Dementia – What did you say?

 

Enjoy another poem by one of our members.  This poem is written by a 15 year old.   Thank you Ari for sharing your thoughts and feelings with us.

What did you say? 

By : Ari Kempner Age 15

Wait what did you say? Oh yes, I remember now.
Where are we going again? Oh, I see now.
What’s your name? Oh yea, you are my granddaughter.

Five years ago, she walked this world knowing all,
She talked in conversations confident and standing tall. 

Smiled bright and always with a colored pencil in her hand, 

She would even come to play with me in the sand.
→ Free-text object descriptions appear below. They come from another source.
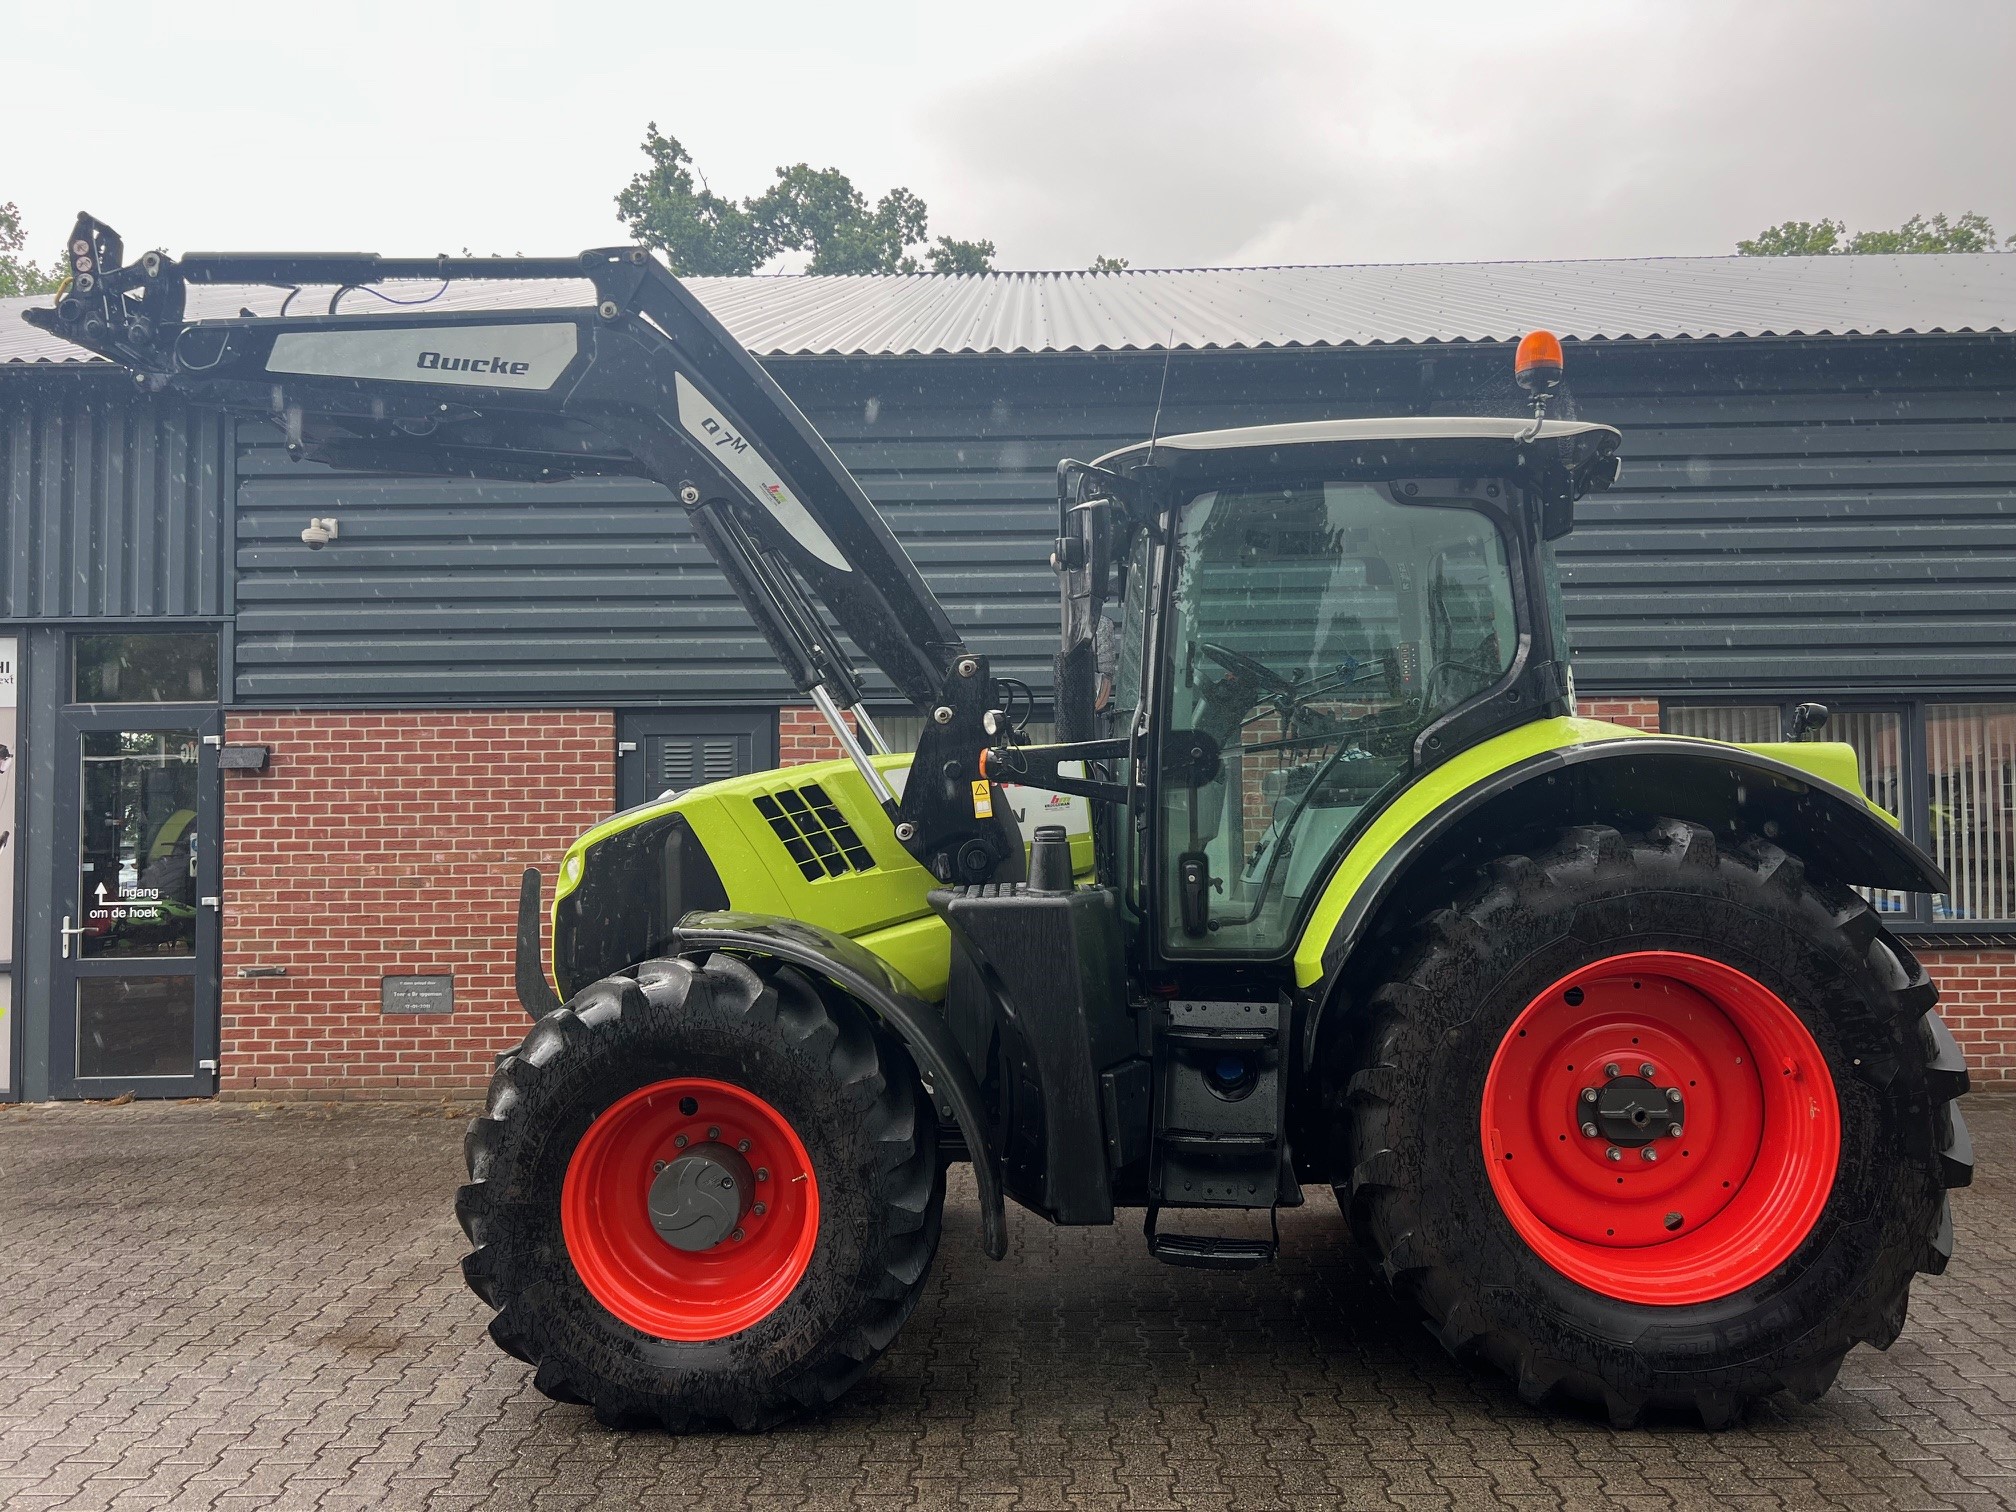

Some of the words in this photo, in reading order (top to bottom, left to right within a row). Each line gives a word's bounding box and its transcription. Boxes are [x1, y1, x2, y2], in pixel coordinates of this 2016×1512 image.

[417, 352, 530, 375] Quicke
[118, 886, 159, 899] Ingang
[89, 909, 108, 919] om
[111, 907, 127, 918] de
[129, 906, 159, 918] hoek
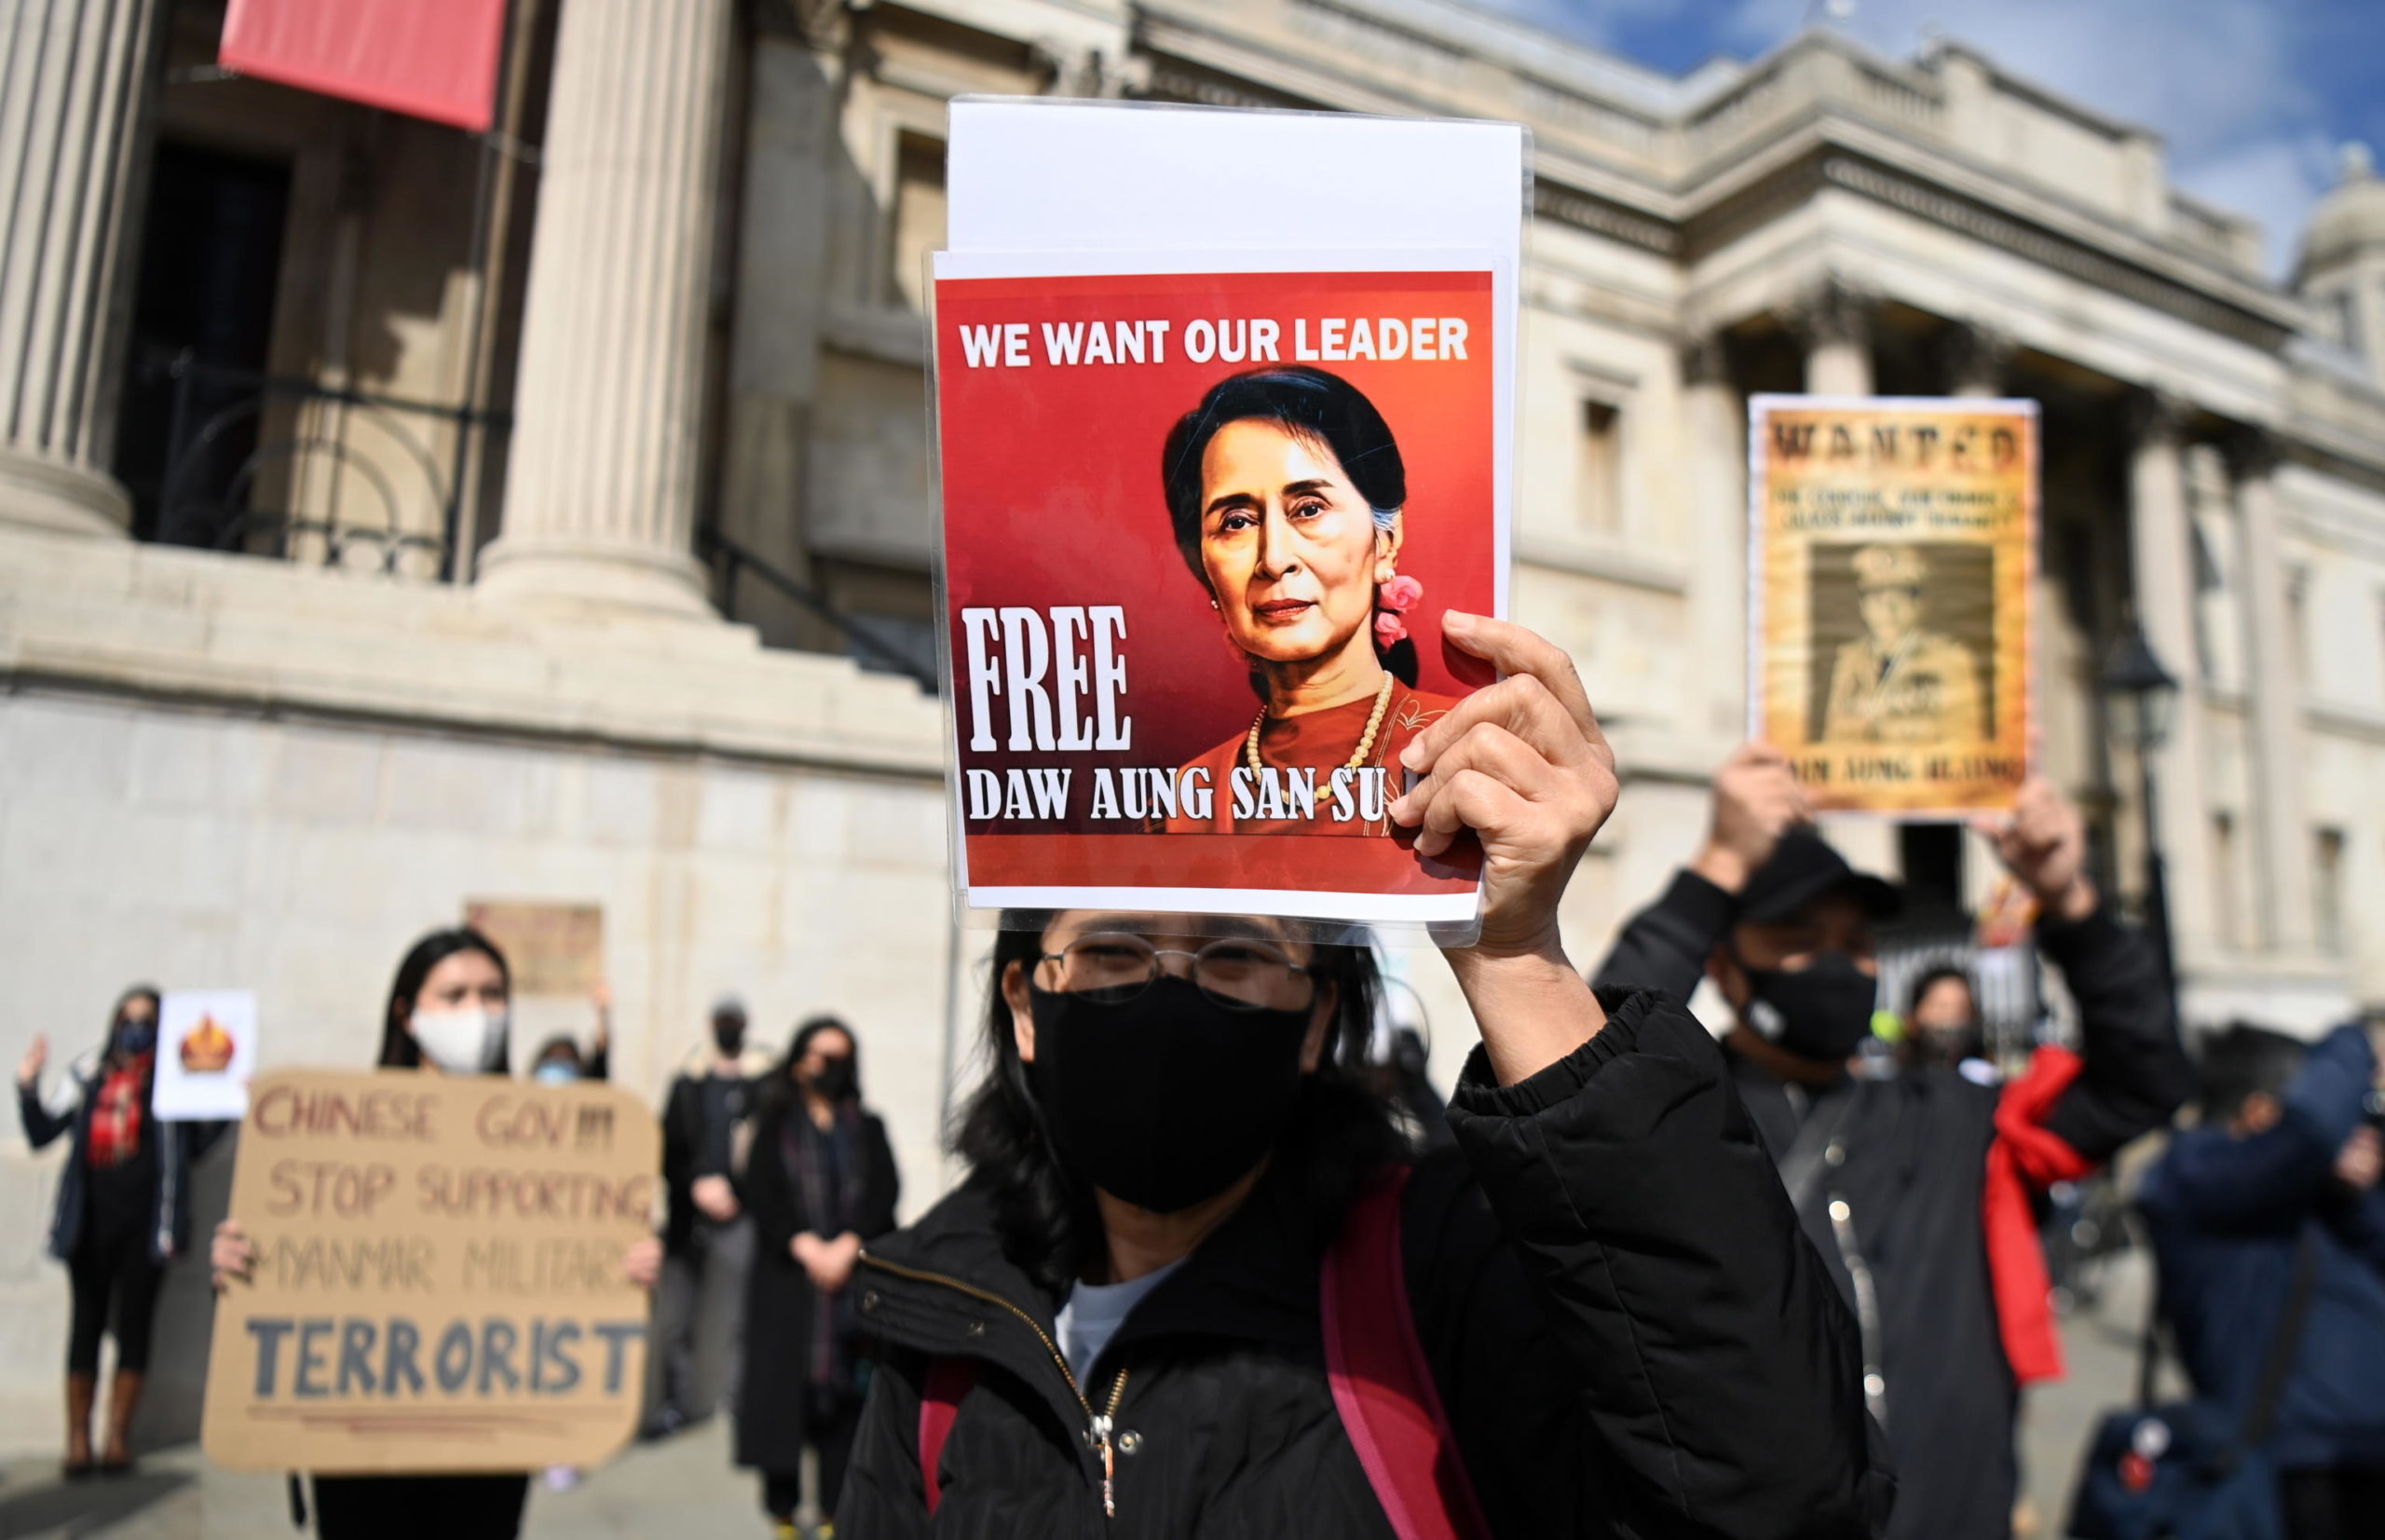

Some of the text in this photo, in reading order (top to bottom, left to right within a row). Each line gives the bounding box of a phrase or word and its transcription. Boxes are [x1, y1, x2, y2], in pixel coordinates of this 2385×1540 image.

[960, 318, 1469, 367] WE WANT OUR LEADER
[1774, 425, 2018, 472] WANTED
[961, 606, 1131, 751] FREE
[967, 770, 1071, 820] DAW
[1091, 769, 1213, 819] AUNG
[1232, 768, 1315, 818] SAN
[1333, 767, 1386, 821] SU
[254, 1086, 437, 1139] CHINESE
[267, 1160, 652, 1223] STOP SUPPORTING
[246, 1318, 647, 1399] TERRORIST
We could play and play cards for hours,

From the dark dark night at one am to afternoon spring showers.

But now she wanders till she is directed,
She follows him because they are so connected.

Yes, he is my grandpa her best friend since day one,
He takes care of her and his day is never done.
What I try do is be there for my mom,
She is always there for me to keep me cool and calm.

On the outside she handles this as cool as ice,
But on the inside I think she really feels like she is paying the price.
She cries in secret and I know feels sad,
I mean why wouldn’t she, she has to watch her mom deteriorate and become mad.

She never grew up the way I did,

She wasn’t as close with her family when she was a kid.
Walking through this world day by day,
Now of days she has nothing left to say.

Wait what did you say? I can’t remember
Where are we going again? I can’t remember.
What’s your name? I can’t remember.
She will soon be gone, but not quite yet,
But little does she know she is mentally gone already and making us fret. 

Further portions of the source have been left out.